In the 1850s, Anderson turned his focus to railroad operations. In 1851, he supervised the construction of a road from New Albany to Corydon, Indiana. In 1852, he was chosen chief engineer of a proposed road from the Ohio River, below the falls to Sandusky, Ohio; and then for three years, ending in 1858, he was General Superintendent of the New Albany and Salem Railroad. During this time, Anderson continued to operate his educational institutions.

As his railroad work took more and more of his time, Anderson gradually withdrew from teaching. After 1858, he devoted himself wholly to railroading.

===Pennsylvania Railroad===
In November 1858, Anderson accepted the office of Superintendent for the Middle Division of the Pennsylvania Railroad. In February 1859, he was advanced to the General Superintendency of the Pittsburgh, Fort Wayne and Chicago Railway. In less than a year, however, Anderson was called to be Superintendent of Transportation on the Louisville and Nashville Railroad, a position in which the opening of the American Civil War found him.

===Civil War===
During the Civil War, he served in the Union Army as superintendent of various railroads, first as a civilian and later with the rank of colonel. In November 1861, General William Tecumseh Sherman appointed John Anderson as Railroad Director for the Department of the Ohio. In February 1862, Anderson was succeeded in this position by Daniel McCallum, after the creation of the United States Military Railroad. Subsequently, in November 1862, General William Rosecrans appointed Anderson military superintendent of railroads for the Department of the Cumberland. McCallum relieved him of this duty in 1864.

==Postbellum==
In 1864, Anderson left the Army and became interested in the Union Pacific Railway, Eastern Division, then being planned on a route through Kansas. He apparently never assumed control of the railroad's construction, as urged by the company's president John Perry, but he did become financially involved. In 1868, he and his wife moved to Junction City, Kansas, where his nephew John Alexander Anderson was serving as a preacher. In 1873, his nephew became president of Kansas State Agricultural College in Manhattan, Kansas, and in 1880, John Byers Anderson also moved to Manhattan, where he would remain for the rest of his life. While in Manhattan, Anderson served as president of the First National Bank of Manhattan.
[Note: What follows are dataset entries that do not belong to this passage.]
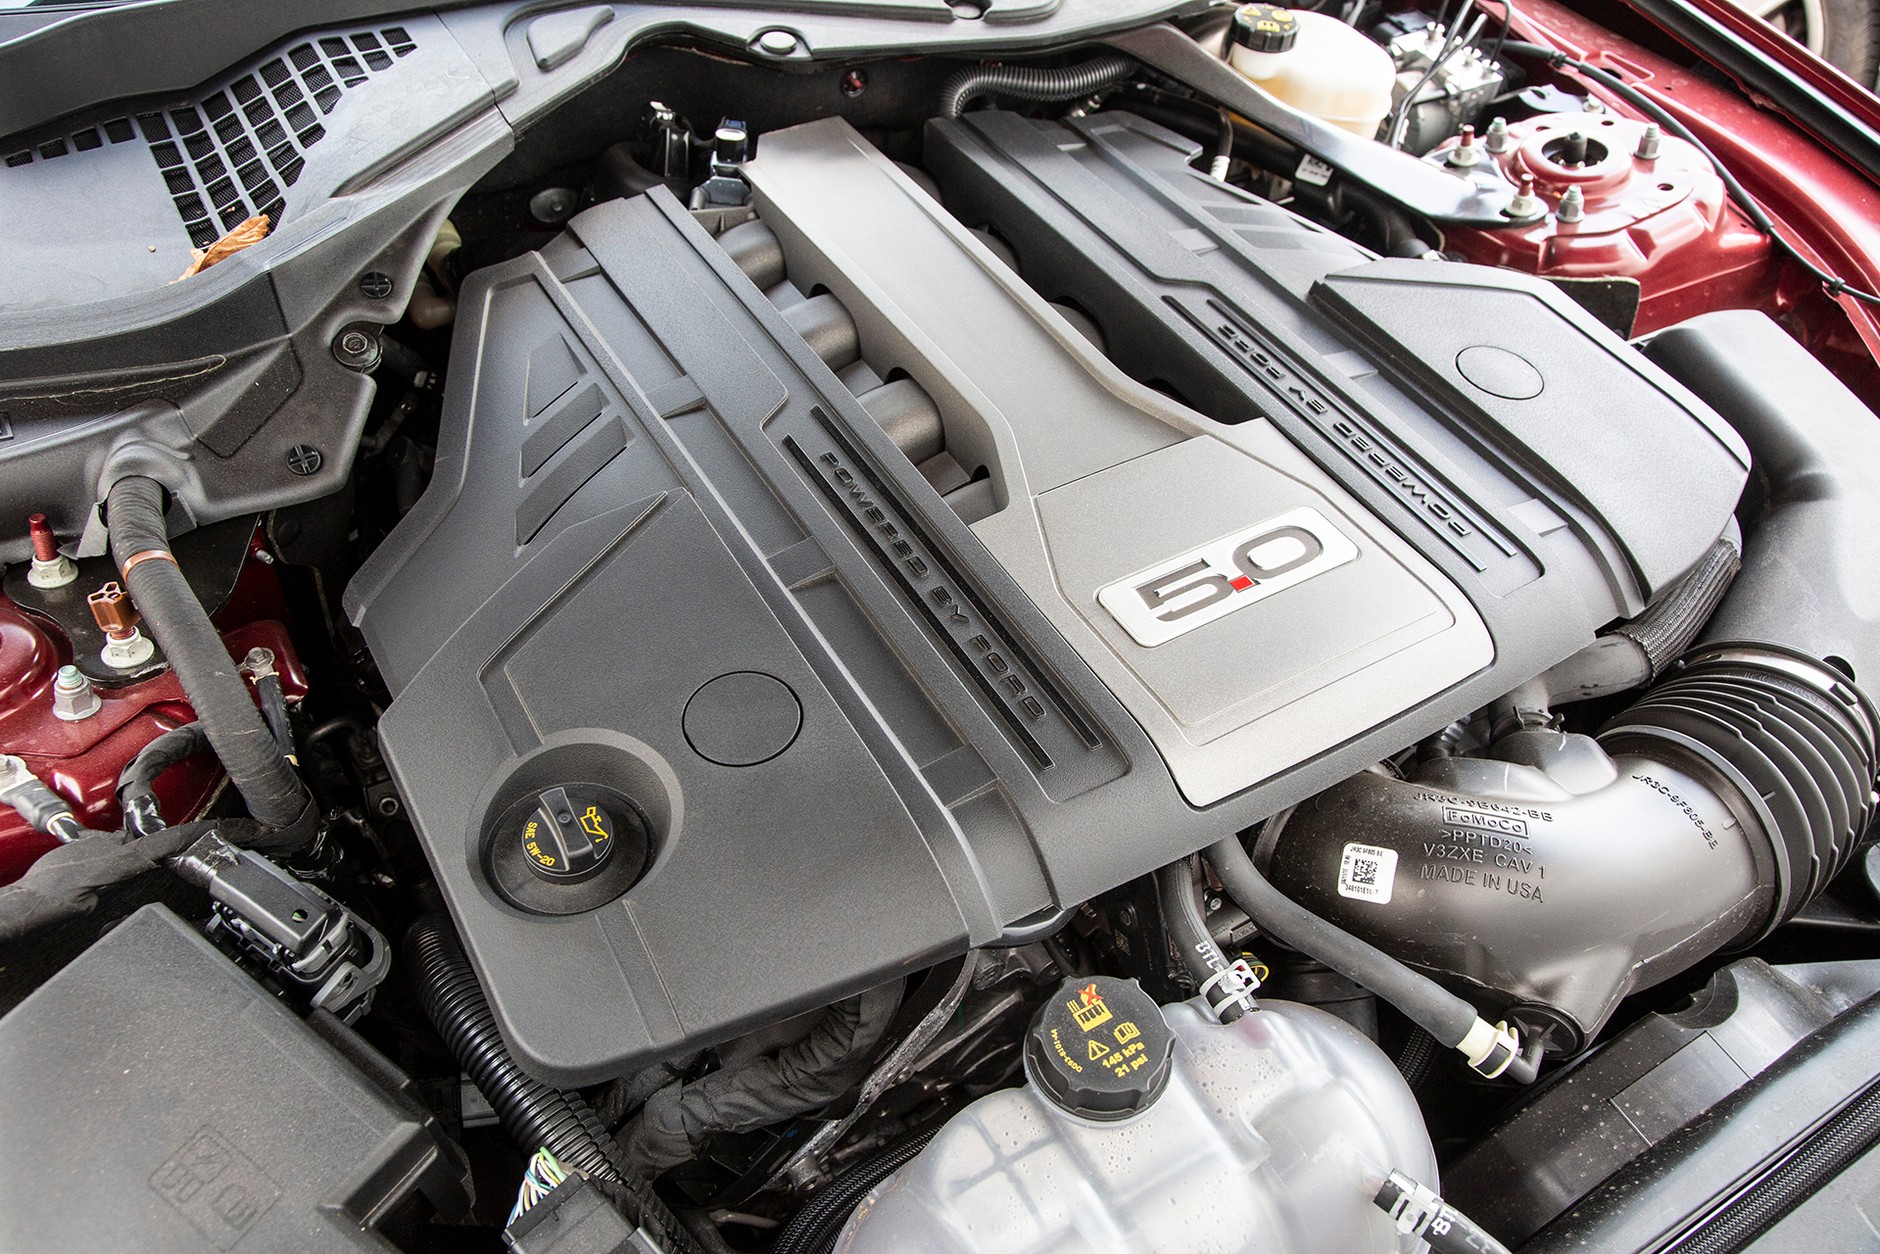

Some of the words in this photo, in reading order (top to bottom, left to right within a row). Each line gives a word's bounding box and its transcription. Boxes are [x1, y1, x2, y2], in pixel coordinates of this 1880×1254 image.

[1217, 323, 1286, 379] FORD
[1289, 386, 1328, 415] BY
[1333, 420, 1472, 537] POWERED
[820, 451, 930, 577] POWERED
[930, 585, 971, 625] BY
[968, 633, 1047, 720] FORD
[1132, 524, 1324, 622] 5.0
[524, 821, 538, 839] SAE
[1447, 809, 1523, 833] FoMoCo
[526, 841, 556, 867] 5W-20
[1423, 842, 1484, 864] V3ZXE
[1494, 853, 1534, 875] CAV
[1538, 864, 1546, 880] 1
[1419, 863, 1478, 886] MADE
[1482, 872, 1502, 891] IN
[1506, 877, 1544, 904] USA
[1101, 1051, 1124, 1069] 145
[1121, 1041, 1146, 1058] kPa
[1114, 1063, 1131, 1078] 21
[1130, 1053, 1149, 1071] psi
In the 1880s, Anderson also served as president of the board of trustees of the College of Emporia in Emporia, Kansas. In 1888, on the occasion of his 50th wedding anniversary, he established the Anderson Memorial Library at the college through a donation of his book collection.
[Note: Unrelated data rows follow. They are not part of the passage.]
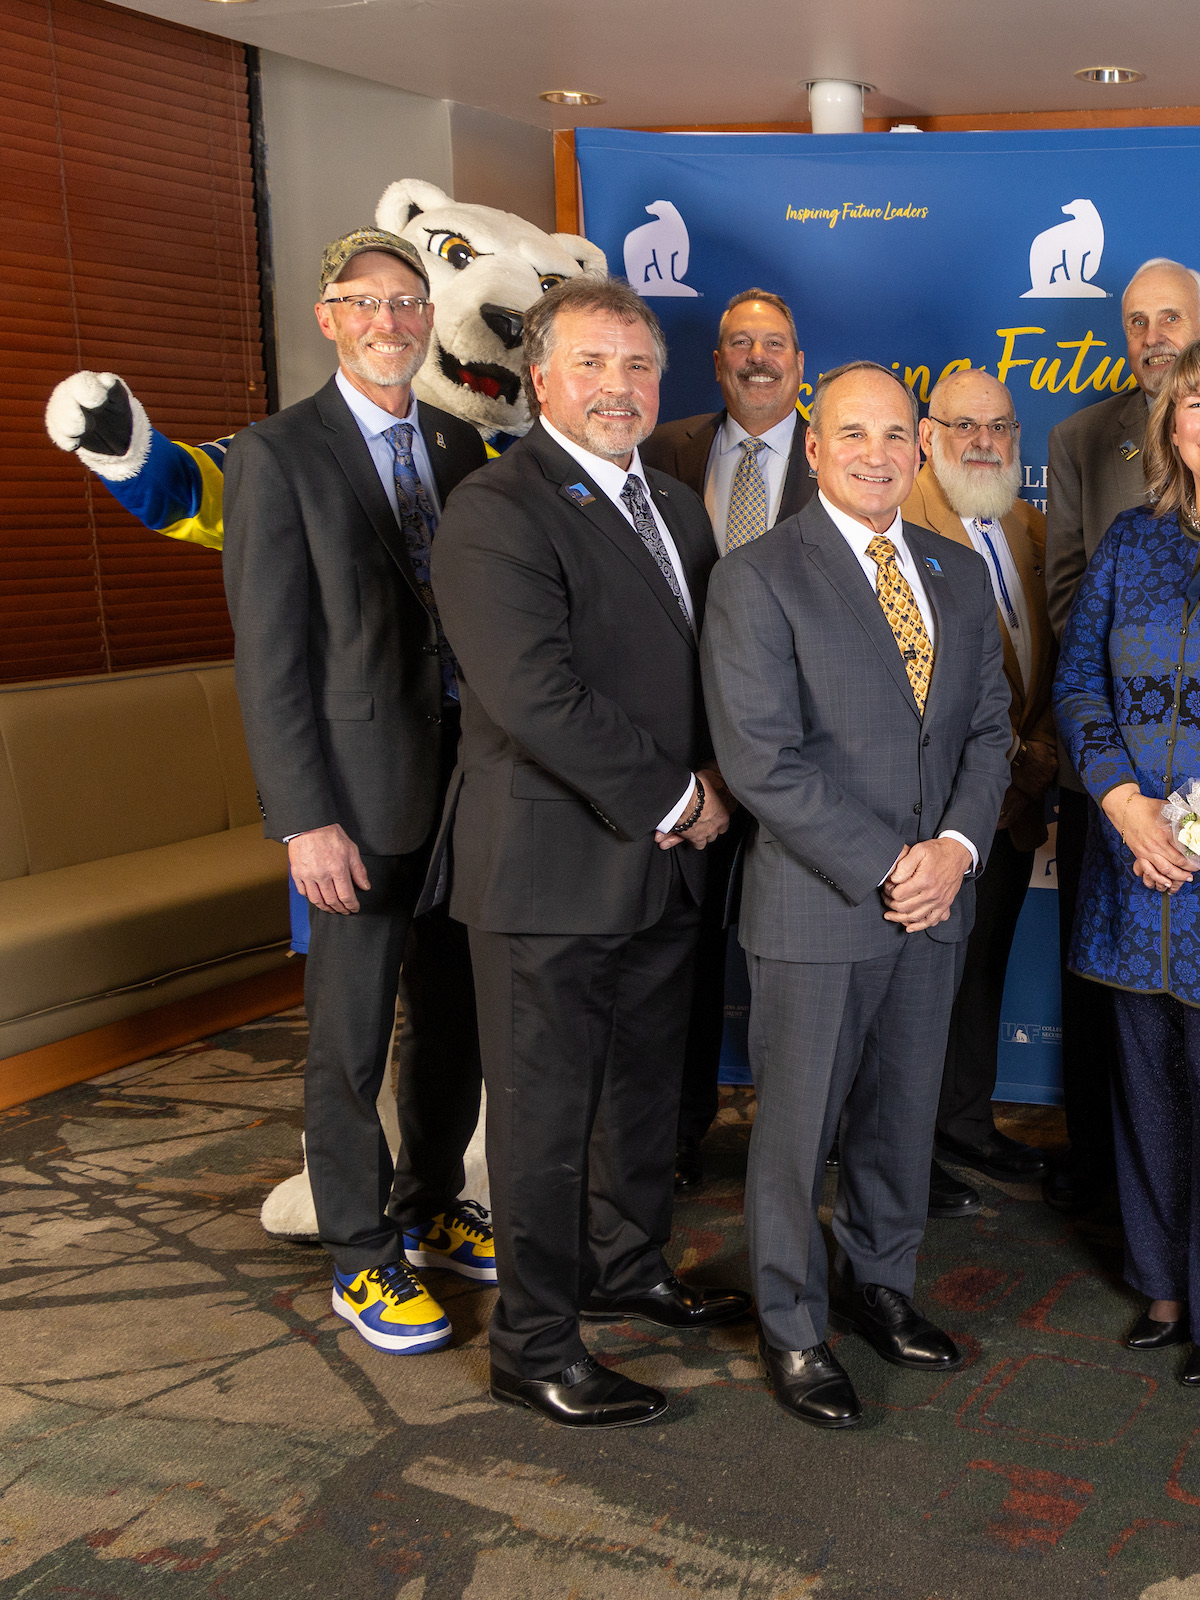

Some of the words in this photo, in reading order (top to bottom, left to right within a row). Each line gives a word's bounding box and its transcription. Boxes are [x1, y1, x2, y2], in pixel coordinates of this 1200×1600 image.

[786, 204, 840, 228] Inspiring
[842, 202, 883, 220] Future
[883, 201, 929, 220] Leaders
[996, 326, 1138, 394] Futu
[1001, 1022, 1041, 1043] UAF
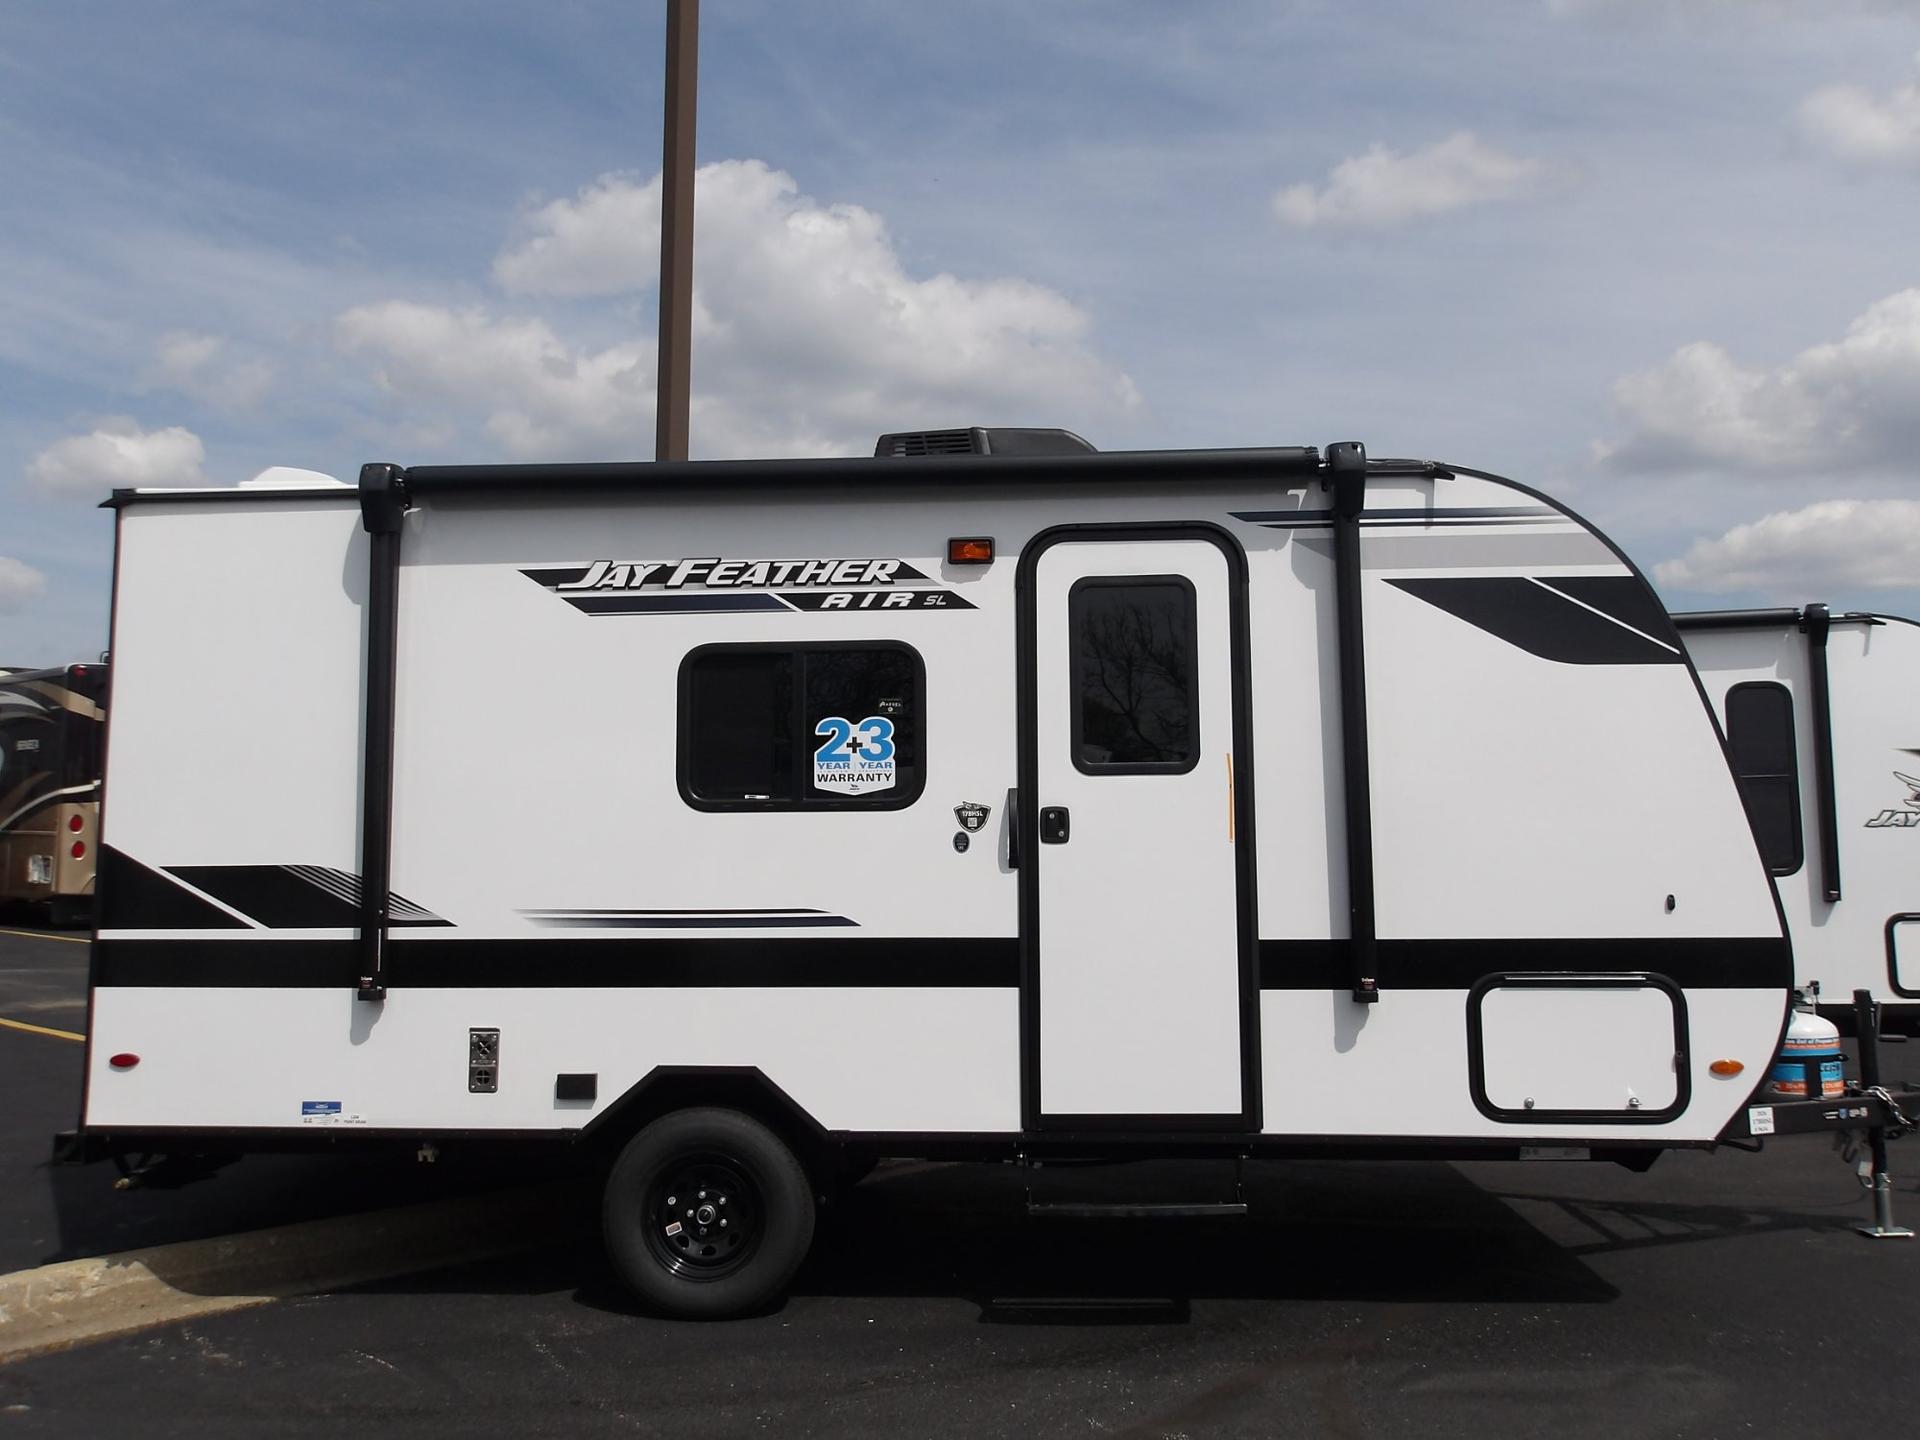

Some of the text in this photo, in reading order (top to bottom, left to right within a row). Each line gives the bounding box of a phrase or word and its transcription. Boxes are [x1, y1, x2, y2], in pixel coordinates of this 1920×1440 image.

[557, 558, 901, 590] JAY FEATHER
[820, 593, 947, 608] AIR SL
[817, 762, 850, 770] YEAR
[817, 773, 893, 782] WARRANTY
John Byers Anderson died at Manhattan on July 25, 1897. After his death, in 1908 his large Manhattan home was purchased to serve as the first Catholic school in the town, later called the Sacred Heart Academy. In 1901, Andrew Carnegie donated $30,000 to the College of Emporia in memory of Col. Anderson, who had years earlier allowed Carnegie and other boys to use his library in Pennsylvania, and inspired Carnegie's self-improvement that later inspired him to establish an endowment to build libraries throughout the nation.

==Relatives==
John Byers Anderson was the second son of the Rev. John Anderson, a missionary and trustee of Washington & Jefferson College from 1806 to 1831. His brother was the Rev. William Caldwell Anderson, president of Miami University from 1849 to 1854.